§ **Your instructions**
Could you retype all of the entries below word for word?

§ **Text-to-region grounding data**
_____

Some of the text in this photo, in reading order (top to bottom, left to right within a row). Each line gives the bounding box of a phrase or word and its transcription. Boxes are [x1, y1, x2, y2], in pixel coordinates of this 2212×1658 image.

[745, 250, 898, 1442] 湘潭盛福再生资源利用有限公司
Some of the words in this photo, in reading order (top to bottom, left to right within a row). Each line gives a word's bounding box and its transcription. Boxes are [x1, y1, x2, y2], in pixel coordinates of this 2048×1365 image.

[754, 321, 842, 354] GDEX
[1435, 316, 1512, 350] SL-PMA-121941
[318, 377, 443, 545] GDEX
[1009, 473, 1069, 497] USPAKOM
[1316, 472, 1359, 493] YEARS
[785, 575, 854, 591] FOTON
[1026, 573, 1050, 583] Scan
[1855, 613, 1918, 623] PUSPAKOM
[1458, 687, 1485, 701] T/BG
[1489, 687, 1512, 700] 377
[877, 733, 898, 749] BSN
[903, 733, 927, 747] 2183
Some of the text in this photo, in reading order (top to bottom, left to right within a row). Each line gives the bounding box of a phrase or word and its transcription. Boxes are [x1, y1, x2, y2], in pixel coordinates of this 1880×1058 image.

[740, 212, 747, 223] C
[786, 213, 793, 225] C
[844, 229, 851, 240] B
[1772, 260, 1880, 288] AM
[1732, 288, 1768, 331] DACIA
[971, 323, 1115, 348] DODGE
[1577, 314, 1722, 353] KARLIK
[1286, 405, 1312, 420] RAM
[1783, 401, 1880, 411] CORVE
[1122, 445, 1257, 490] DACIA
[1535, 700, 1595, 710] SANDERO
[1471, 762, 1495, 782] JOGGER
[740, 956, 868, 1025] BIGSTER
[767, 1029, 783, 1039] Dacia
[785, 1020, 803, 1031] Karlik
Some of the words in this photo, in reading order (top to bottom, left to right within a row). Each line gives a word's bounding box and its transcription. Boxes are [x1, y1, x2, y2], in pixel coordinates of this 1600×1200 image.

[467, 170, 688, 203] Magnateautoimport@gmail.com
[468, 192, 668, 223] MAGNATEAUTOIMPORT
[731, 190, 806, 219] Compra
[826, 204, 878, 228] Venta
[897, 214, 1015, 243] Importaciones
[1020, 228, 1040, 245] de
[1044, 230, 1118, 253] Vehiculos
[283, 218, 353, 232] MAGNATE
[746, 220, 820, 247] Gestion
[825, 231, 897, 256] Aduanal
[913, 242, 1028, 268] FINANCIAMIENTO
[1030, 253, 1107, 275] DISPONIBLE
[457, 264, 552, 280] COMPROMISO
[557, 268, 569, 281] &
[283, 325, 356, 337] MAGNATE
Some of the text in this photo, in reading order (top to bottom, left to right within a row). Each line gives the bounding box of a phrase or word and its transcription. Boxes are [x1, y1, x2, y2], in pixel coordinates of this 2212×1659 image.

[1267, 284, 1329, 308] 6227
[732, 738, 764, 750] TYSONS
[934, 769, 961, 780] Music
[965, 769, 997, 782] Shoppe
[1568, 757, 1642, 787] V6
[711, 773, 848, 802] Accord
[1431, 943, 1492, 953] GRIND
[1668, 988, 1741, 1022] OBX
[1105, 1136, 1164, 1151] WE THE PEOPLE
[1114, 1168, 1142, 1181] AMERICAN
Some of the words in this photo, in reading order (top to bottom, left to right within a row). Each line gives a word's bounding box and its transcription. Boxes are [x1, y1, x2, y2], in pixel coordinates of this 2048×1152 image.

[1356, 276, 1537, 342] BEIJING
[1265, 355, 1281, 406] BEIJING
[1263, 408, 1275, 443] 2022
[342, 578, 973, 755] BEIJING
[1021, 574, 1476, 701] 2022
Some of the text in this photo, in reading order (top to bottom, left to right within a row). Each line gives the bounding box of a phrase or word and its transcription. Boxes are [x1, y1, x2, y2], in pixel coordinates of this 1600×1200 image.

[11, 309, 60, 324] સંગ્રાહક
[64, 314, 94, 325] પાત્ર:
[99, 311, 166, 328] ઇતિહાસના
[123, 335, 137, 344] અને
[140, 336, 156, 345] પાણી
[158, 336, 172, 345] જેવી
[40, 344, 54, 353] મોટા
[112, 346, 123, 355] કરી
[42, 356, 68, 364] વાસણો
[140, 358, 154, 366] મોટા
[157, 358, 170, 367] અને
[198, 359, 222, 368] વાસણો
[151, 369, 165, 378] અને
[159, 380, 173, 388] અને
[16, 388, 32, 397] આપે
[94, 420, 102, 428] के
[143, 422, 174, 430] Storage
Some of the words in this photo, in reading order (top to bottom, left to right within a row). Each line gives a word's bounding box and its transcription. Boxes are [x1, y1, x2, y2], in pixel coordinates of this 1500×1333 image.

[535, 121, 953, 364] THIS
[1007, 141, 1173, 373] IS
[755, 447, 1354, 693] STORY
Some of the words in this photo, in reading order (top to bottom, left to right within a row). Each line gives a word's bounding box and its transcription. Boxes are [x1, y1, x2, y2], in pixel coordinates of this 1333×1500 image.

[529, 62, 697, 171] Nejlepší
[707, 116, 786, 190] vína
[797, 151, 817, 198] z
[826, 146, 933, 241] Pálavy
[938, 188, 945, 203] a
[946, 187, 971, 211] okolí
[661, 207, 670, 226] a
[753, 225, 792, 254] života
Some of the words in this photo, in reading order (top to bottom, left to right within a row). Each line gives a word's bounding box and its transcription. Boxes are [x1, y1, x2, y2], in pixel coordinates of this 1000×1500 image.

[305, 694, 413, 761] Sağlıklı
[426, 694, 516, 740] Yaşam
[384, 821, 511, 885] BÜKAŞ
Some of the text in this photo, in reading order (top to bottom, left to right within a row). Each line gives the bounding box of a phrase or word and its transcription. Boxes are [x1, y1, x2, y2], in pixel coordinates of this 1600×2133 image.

_____

§ **Exercise solution**
Some of the text in this photo, in reading order (top to bottom, left to right within a row). Each line gives the bounding box of a phrase or word and its transcription. Boxes are [x1, y1, x2, y2], in pixel coordinates of this 2212×1658 image.

[745, 250, 898, 1442] 湘潭盛福再生资源利用有限公司
Some of the words in this photo, in reading order (top to bottom, left to right within a row). Each line gives a word's bounding box and its transcription. Boxes are [x1, y1, x2, y2], in pixel coordinates of this 2048×1365 image.

[754, 321, 842, 354] GDEX
[1435, 316, 1512, 350] SL-PMA-121941
[318, 377, 443, 545] GDEX
[1009, 473, 1069, 497] USPAKOM
[1316, 472, 1359, 493] YEARS
[785, 575, 854, 591] FOTON
[1026, 573, 1050, 583] Scan
[1855, 613, 1918, 623] PUSPAKOM
[1458, 687, 1485, 701] T/BG
[1489, 687, 1512, 700] 377
[877, 733, 898, 749] BSN
[903, 733, 927, 747] 2183
Some of the text in this photo, in reading order (top to bottom, left to right within a row). Each line gives the bounding box of a phrase or word and its transcription. Boxes are [x1, y1, x2, y2], in pixel coordinates of this 1880×1058 image.

[740, 212, 747, 223] C
[786, 213, 793, 225] C
[844, 229, 851, 240] B
[1772, 260, 1880, 288] AM
[1732, 288, 1768, 331] DACIA
[971, 323, 1115, 348] DODGE
[1577, 314, 1722, 353] KARLIK
[1286, 405, 1312, 420] RAM
[1783, 401, 1880, 411] CORVE
[1122, 445, 1257, 490] DACIA
[1535, 700, 1595, 710] SANDERO
[1471, 762, 1495, 782] JOGGER
[740, 956, 868, 1025] BIGSTER
[767, 1029, 783, 1039] Dacia
[785, 1020, 803, 1031] Karlik
Some of the words in this photo, in reading order (top to bottom, left to right within a row). Each line gives a word's bounding box and its transcription. Boxes are [x1, y1, x2, y2], in pixel coordinates of this 1600×1200 image.

[467, 170, 688, 203] Magnateautoimport@gmail.com
[468, 192, 668, 223] MAGNATEAUTOIMPORT
[731, 190, 806, 219] Compra
[826, 204, 878, 228] Venta
[897, 214, 1015, 243] Importaciones
[1020, 228, 1040, 245] de
[1044, 230, 1118, 253] Vehiculos
[283, 218, 353, 232] MAGNATE
[746, 220, 820, 247] Gestion
[825, 231, 897, 256] Aduanal
[913, 242, 1028, 268] FINANCIAMIENTO
[1030, 253, 1107, 275] DISPONIBLE
[457, 264, 552, 280] COMPROMISO
[557, 268, 569, 281] &
[283, 325, 356, 337] MAGNATE
Some of the text in this photo, in reading order (top to bottom, left to right within a row). Each line gives the bounding box of a phrase or word and its transcription. Boxes are [x1, y1, x2, y2], in pixel coordinates of this 2212×1659 image.

[1267, 284, 1329, 308] 6227
[732, 738, 764, 750] TYSONS
[934, 769, 961, 780] Music
[965, 769, 997, 782] Shoppe
[1568, 757, 1642, 787] V6
[711, 773, 848, 802] Accord
[1431, 943, 1492, 953] GRIND
[1668, 988, 1741, 1022] OBX
[1105, 1136, 1164, 1151] WE THE PEOPLE
[1114, 1168, 1142, 1181] AMERICAN
Some of the words in this photo, in reading order (top to bottom, left to right within a row). Each line gives a word's bounding box and its transcription. Boxes are [x1, y1, x2, y2], in pixel coordinates of this 2048×1152 image.

[1356, 276, 1537, 342] BEIJING
[1265, 355, 1281, 406] BEIJING
[1263, 408, 1275, 443] 2022
[342, 578, 973, 755] BEIJING
[1021, 574, 1476, 701] 2022
Some of the text in this photo, in reading order (top to bottom, left to right within a row). Each line gives the bounding box of a phrase or word and its transcription. Boxes are [x1, y1, x2, y2], in pixel coordinates of this 1600×1200 image.

[11, 309, 60, 324] સંગ્રાહક
[64, 314, 94, 325] પાત્ર:
[99, 311, 166, 328] ઇતિહાસના
[123, 335, 137, 344] અને
[140, 336, 156, 345] પાણી
[158, 336, 172, 345] જેવી
[40, 344, 54, 353] મોટા
[112, 346, 123, 355] કરી
[42, 356, 68, 364] વાસણો
[140, 358, 154, 366] મોટા
[157, 358, 170, 367] અને
[198, 359, 222, 368] વાસણો
[151, 369, 165, 378] અને
[159, 380, 173, 388] અને
[16, 388, 32, 397] આપે
[94, 420, 102, 428] के
[143, 422, 174, 430] Storage
Some of the words in this photo, in reading order (top to bottom, left to right within a row). Each line gives a word's bounding box and its transcription. Boxes are [x1, y1, x2, y2], in pixel coordinates of this 1500×1333 image.

[535, 121, 953, 364] THIS
[1007, 141, 1173, 373] IS
[755, 447, 1354, 693] STORY
Some of the words in this photo, in reading order (top to bottom, left to right within a row). Each line gives a word's bounding box and its transcription. Boxes are [x1, y1, x2, y2], in pixel coordinates of this 1333×1500 image.

[529, 62, 697, 171] Nejlepší
[707, 116, 786, 190] vína
[797, 151, 817, 198] z
[826, 146, 933, 241] Pálavy
[938, 188, 945, 203] a
[946, 187, 971, 211] okolí
[661, 207, 670, 226] a
[753, 225, 792, 254] života
Some of the words in this photo, in reading order (top to bottom, left to right within a row). Each line gives a word's bounding box and its transcription. Boxes are [x1, y1, x2, y2], in pixel coordinates of this 1000×1500 image.

[305, 694, 413, 761] Sağlıklı
[426, 694, 516, 740] Yaşam
[384, 821, 511, 885] BÜKAŞ
Some of the text in this photo, in reading order (top to bottom, left to right within a row). Each line gives the bounding box of a phrase or word and its transcription. Boxes are [x1, y1, x2, y2], in pixel coordinates of this 1600×2133 image.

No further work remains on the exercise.